[What needs to be done] Your response must be an exact transcription of the lines from the one containing "this 1440×961 image." through the final line of the data.

········

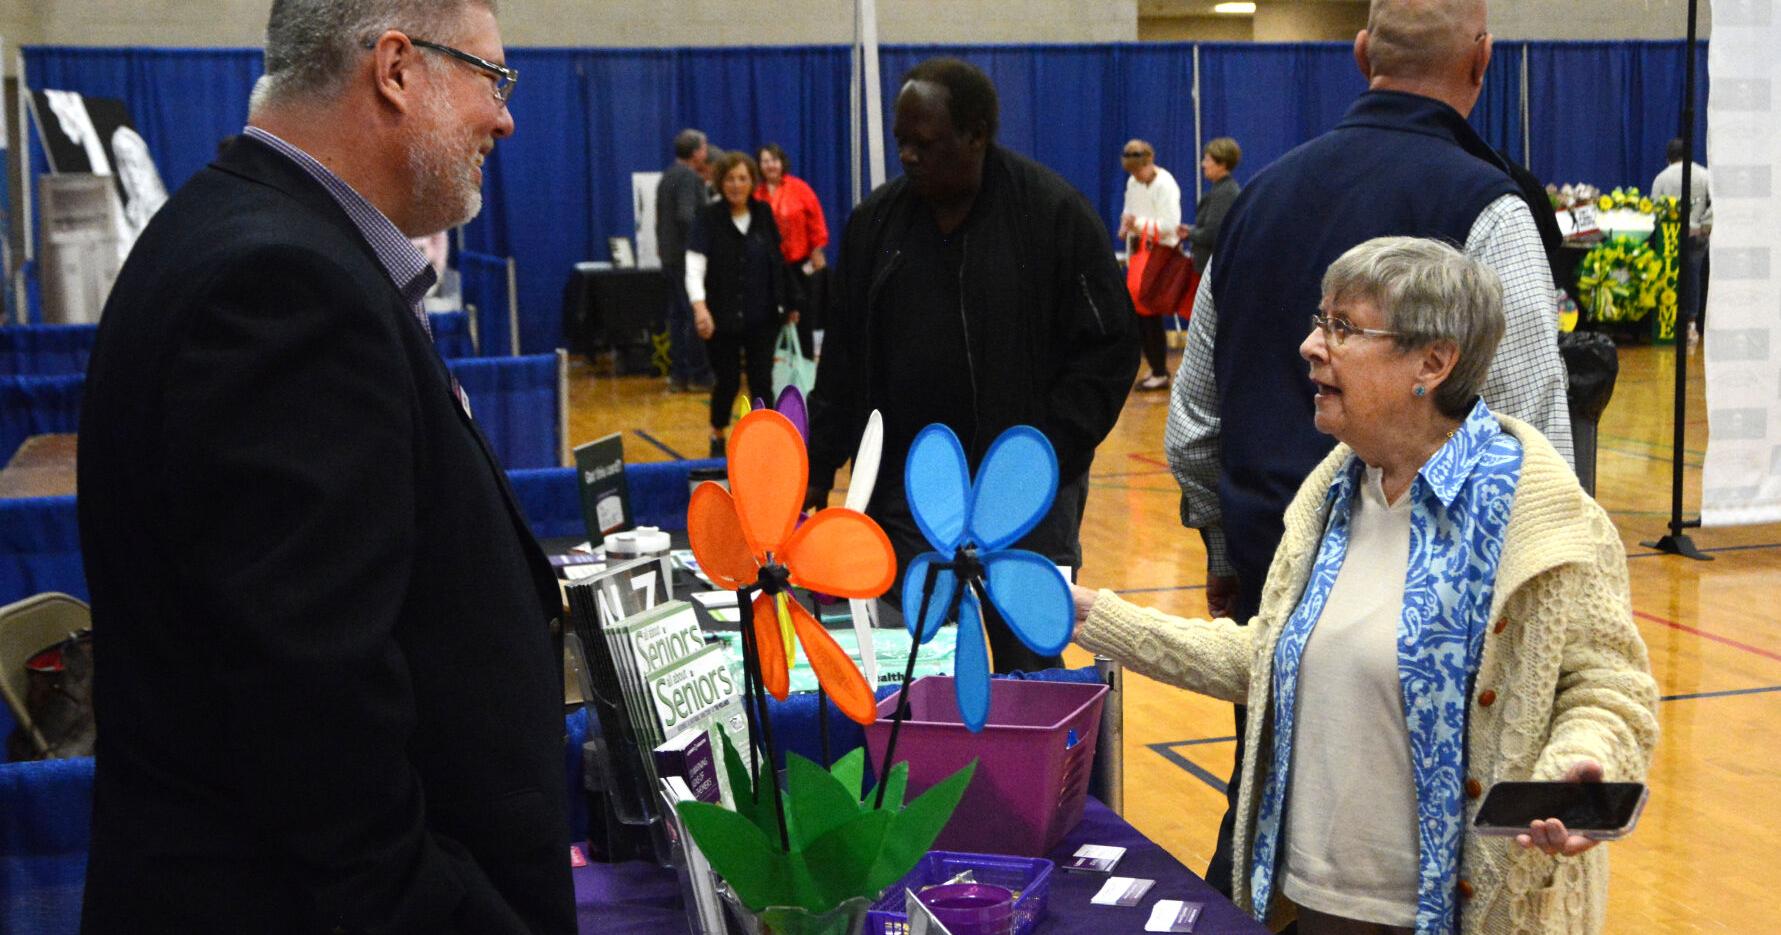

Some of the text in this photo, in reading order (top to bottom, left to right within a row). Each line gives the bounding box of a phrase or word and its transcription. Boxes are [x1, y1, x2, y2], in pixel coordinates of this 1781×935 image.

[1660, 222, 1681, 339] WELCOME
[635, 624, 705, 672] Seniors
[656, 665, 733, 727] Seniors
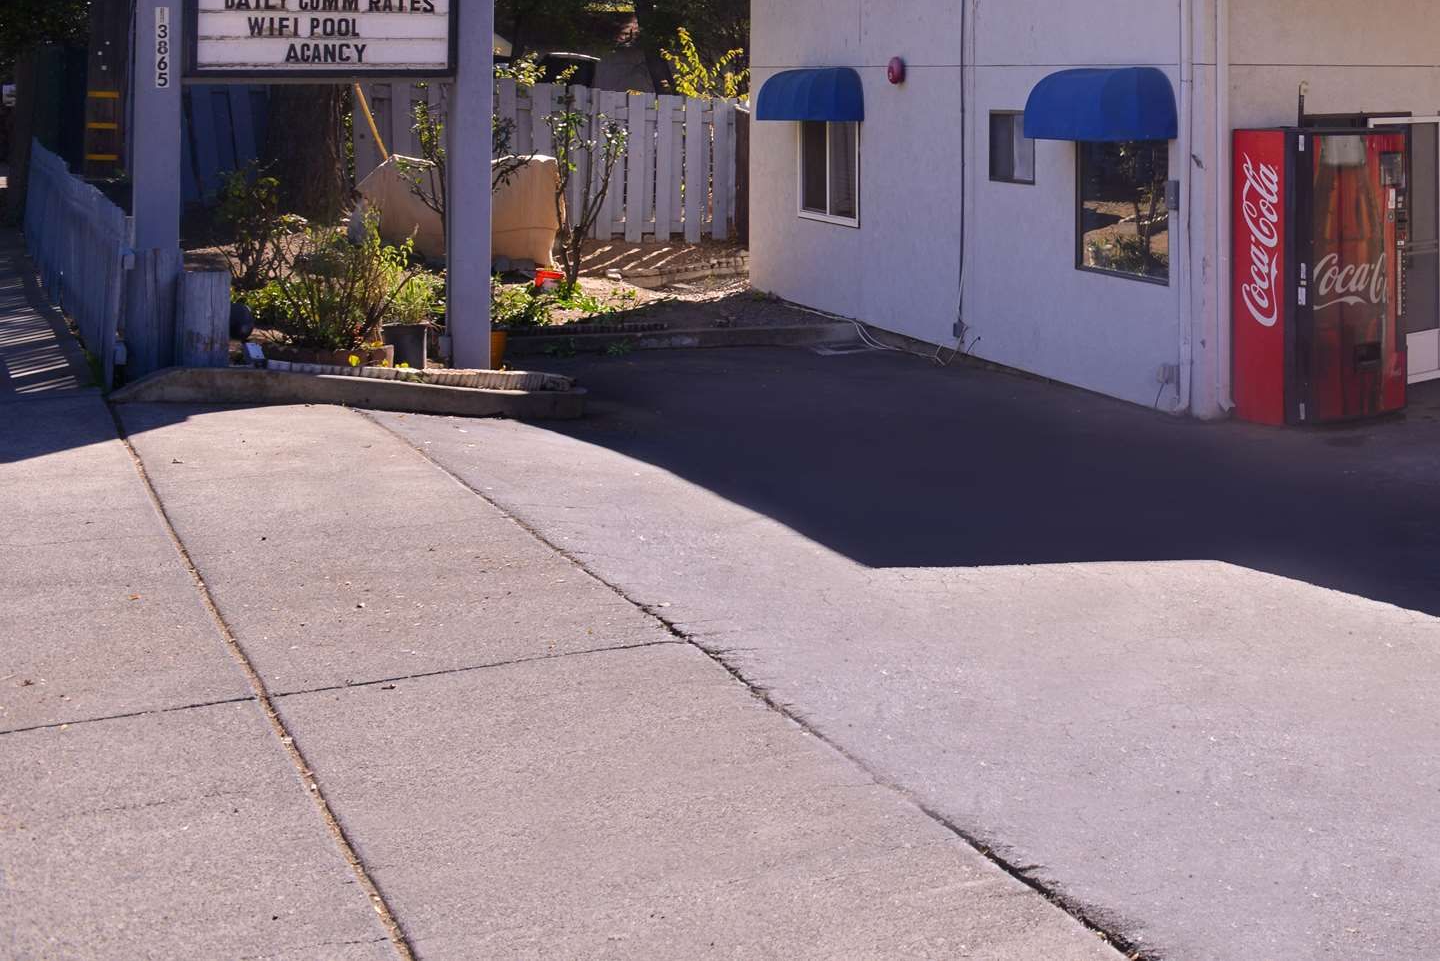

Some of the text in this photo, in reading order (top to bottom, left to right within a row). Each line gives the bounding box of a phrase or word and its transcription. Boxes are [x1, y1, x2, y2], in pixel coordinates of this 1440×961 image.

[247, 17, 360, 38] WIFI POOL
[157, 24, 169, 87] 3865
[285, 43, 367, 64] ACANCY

········

[Solution for this exercise]
Some of the text in this photo, in reading order (top to bottom, left to right within a row). Each line gives the bounding box of a phrase or word and its transcription. Boxes are [x1, y1, x2, y2], in pixel coordinates of this 1440×961 image.

[247, 17, 360, 38] WIFI POOL
[157, 24, 169, 87] 3865
[285, 43, 367, 64] ACANCY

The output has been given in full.